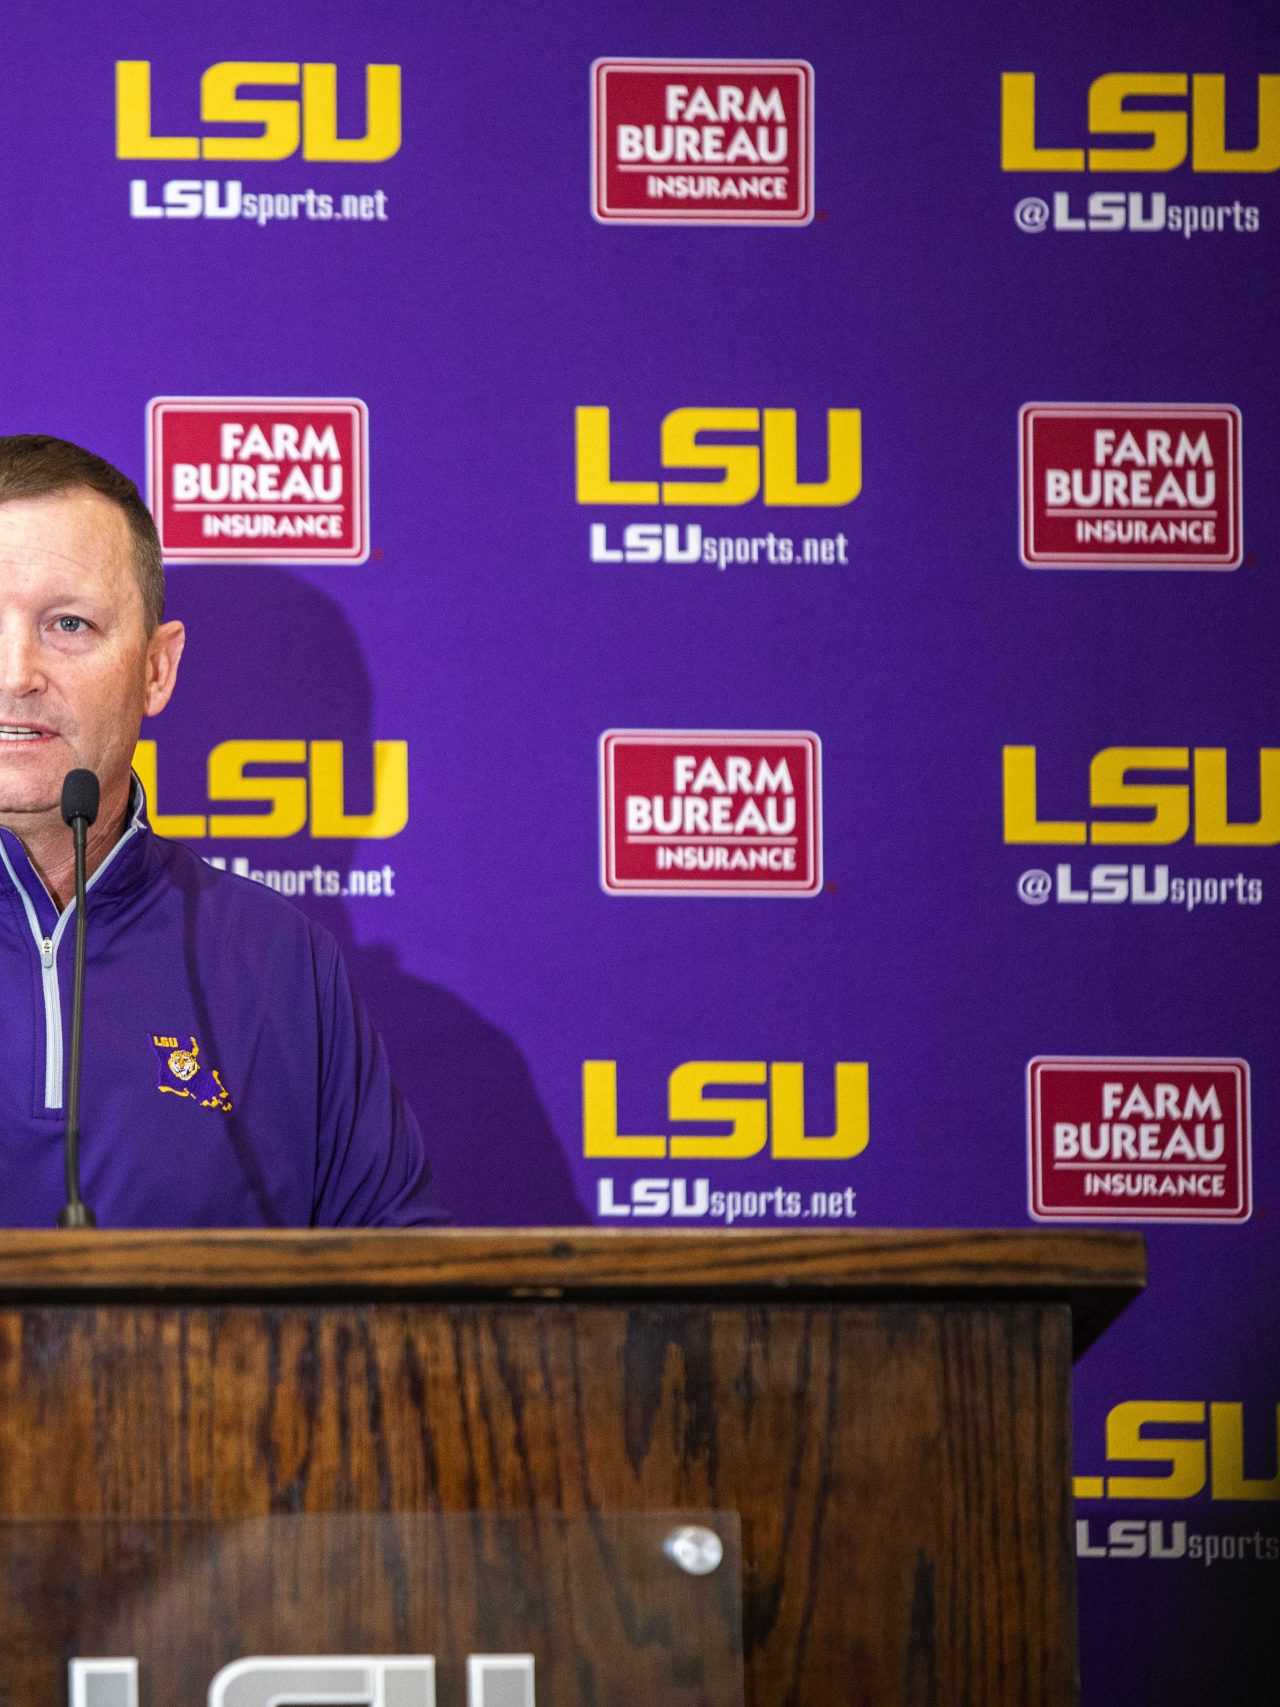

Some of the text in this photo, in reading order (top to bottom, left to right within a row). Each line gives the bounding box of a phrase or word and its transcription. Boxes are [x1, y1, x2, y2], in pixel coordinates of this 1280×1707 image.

[116, 61, 401, 162] LSU
[667, 85, 785, 122] FARM
[1001, 72, 1280, 172] LSU
[618, 125, 787, 163] BUREAU
[131, 180, 386, 224] LSUsports.net
[648, 176, 786, 199] INSURANCE
[1015, 192, 1259, 238] @LSUsports
[222, 424, 340, 461] FARM
[576, 406, 861, 505] LSU
[1095, 430, 1213, 466] FARM
[174, 464, 342, 501] BUREAU
[1046, 470, 1215, 508] BUREAU
[203, 515, 342, 537] INSURANCE
[1077, 520, 1215, 543] INSURANCE
[591, 524, 847, 569] LSUsports.net
[131, 740, 408, 838] LSU
[675, 756, 793, 794] FARM
[1003, 745, 1280, 845] LSU
[627, 796, 795, 835] BUREAU
[657, 847, 795, 870] INSURANCE
[1018, 864, 1262, 910] @LSUsports
[153, 1035, 178, 1048] LSU
[583, 1060, 869, 1159] LSU
[1103, 1083, 1221, 1120] FARM
[1054, 1123, 1224, 1161] BUREAU
[598, 1178, 856, 1223] LSUsports.net
[1085, 1174, 1225, 1196] INSURANCE
[1072, 1401, 1280, 1499] SU
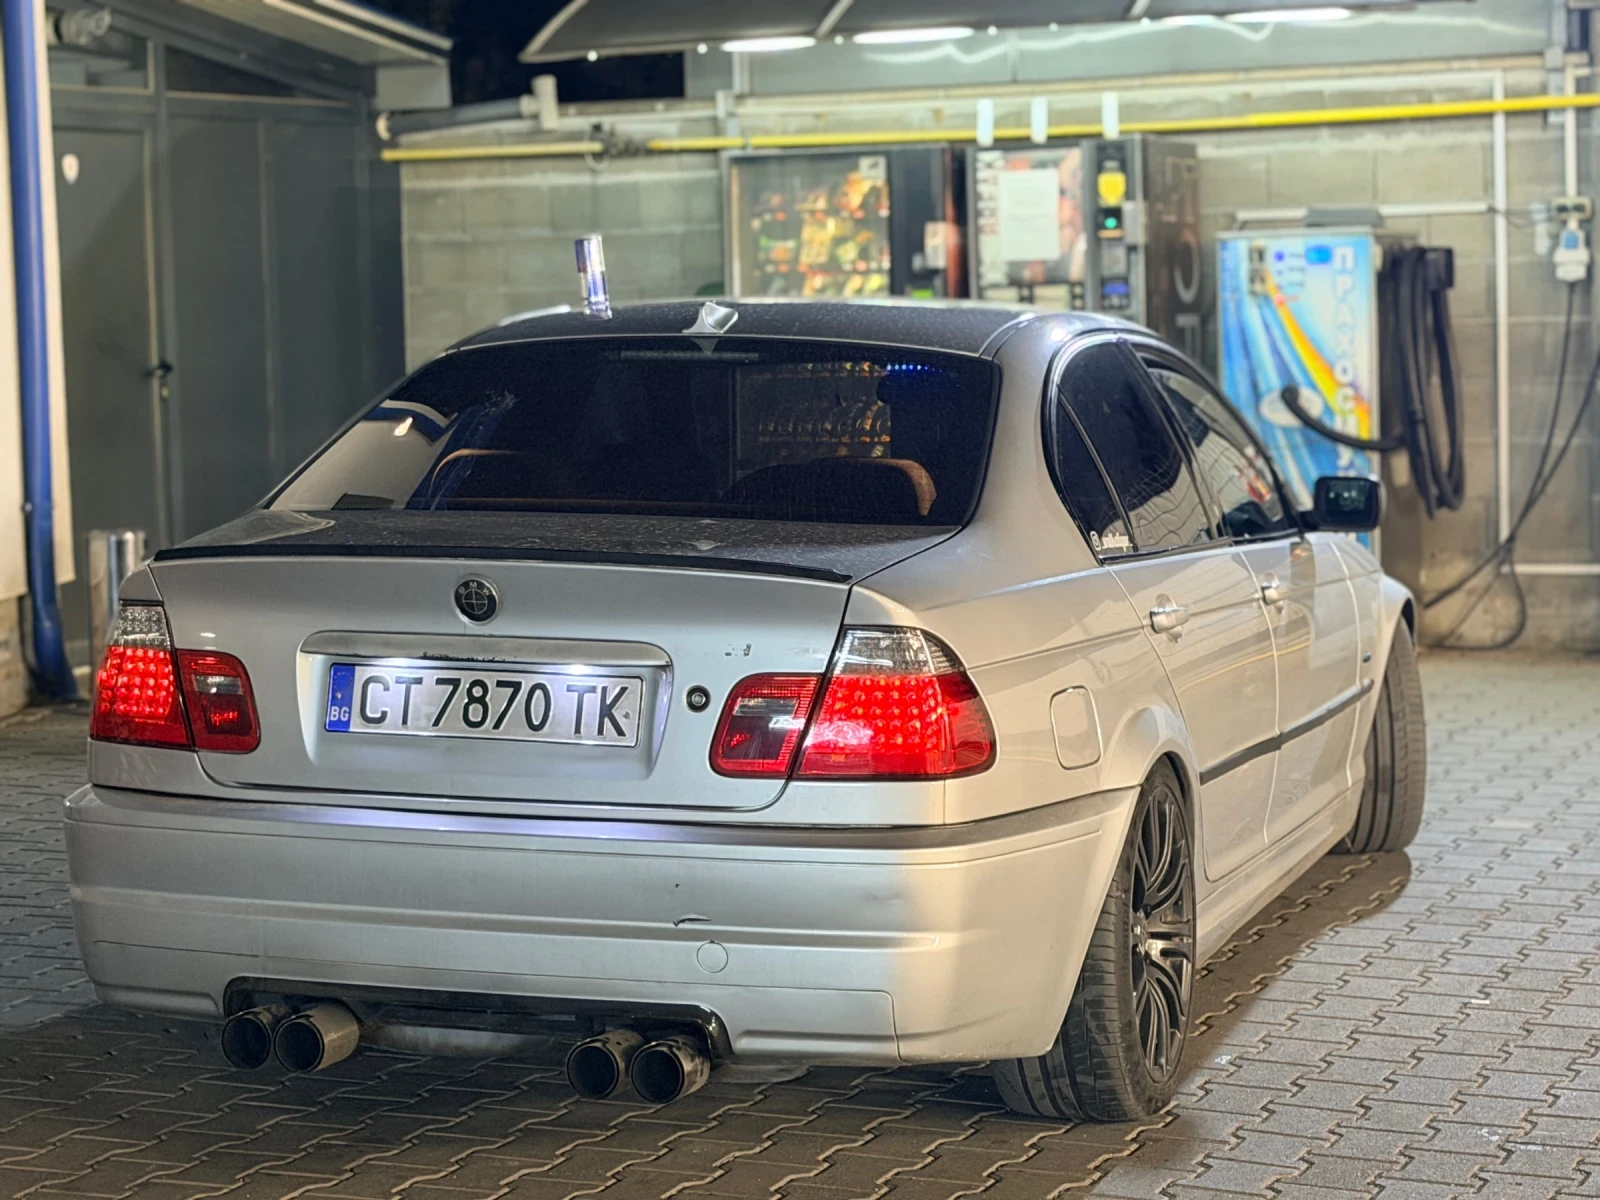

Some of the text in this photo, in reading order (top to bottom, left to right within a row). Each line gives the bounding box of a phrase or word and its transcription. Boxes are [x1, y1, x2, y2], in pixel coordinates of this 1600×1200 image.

[458, 581, 490, 596] BMW
[330, 706, 350, 722] BG
[360, 675, 629, 737] CT 7870 TK

--

## WHAT YOU WILL DO:
Exclude the pictures. Write out the remaining data exactly.

## SOLVED EXERCISE:
Some of the text in this photo, in reading order (top to bottom, left to right within a row). Each line gives the bounding box of a phrase or word and its transcription. Boxes are [x1, y1, x2, y2], in pixel coordinates of this 1280×1707 image.

[116, 61, 401, 162] LSU
[667, 85, 785, 122] FARM
[1001, 72, 1280, 172] LSU
[618, 125, 787, 163] BUREAU
[131, 180, 386, 224] LSUsports.net
[648, 176, 786, 199] INSURANCE
[1015, 192, 1259, 238] @LSUsports
[222, 424, 340, 461] FARM
[576, 406, 861, 505] LSU
[1095, 430, 1213, 466] FARM
[174, 464, 342, 501] BUREAU
[1046, 470, 1215, 508] BUREAU
[203, 515, 342, 537] INSURANCE
[1077, 520, 1215, 543] INSURANCE
[591, 524, 847, 569] LSUsports.net
[131, 740, 408, 838] LSU
[675, 756, 793, 794] FARM
[1003, 745, 1280, 845] LSU
[627, 796, 795, 835] BUREAU
[657, 847, 795, 870] INSURANCE
[1018, 864, 1262, 910] @LSUsports
[153, 1035, 178, 1048] LSU
[583, 1060, 869, 1159] LSU
[1103, 1083, 1221, 1120] FARM
[1054, 1123, 1224, 1161] BUREAU
[598, 1178, 856, 1223] LSUsports.net
[1085, 1174, 1225, 1196] INSURANCE
[1072, 1401, 1280, 1499] SU

Some of the text in this photo, in reading order (top to bottom, left to right within a row). Each line gives the bounding box of a phrase or word and its transcription. Boxes are [x1, y1, x2, y2], in pixel coordinates of this 1600×1200 image.

[458, 581, 490, 596] BMW
[330, 706, 350, 722] BG
[360, 675, 629, 737] CT 7870 TK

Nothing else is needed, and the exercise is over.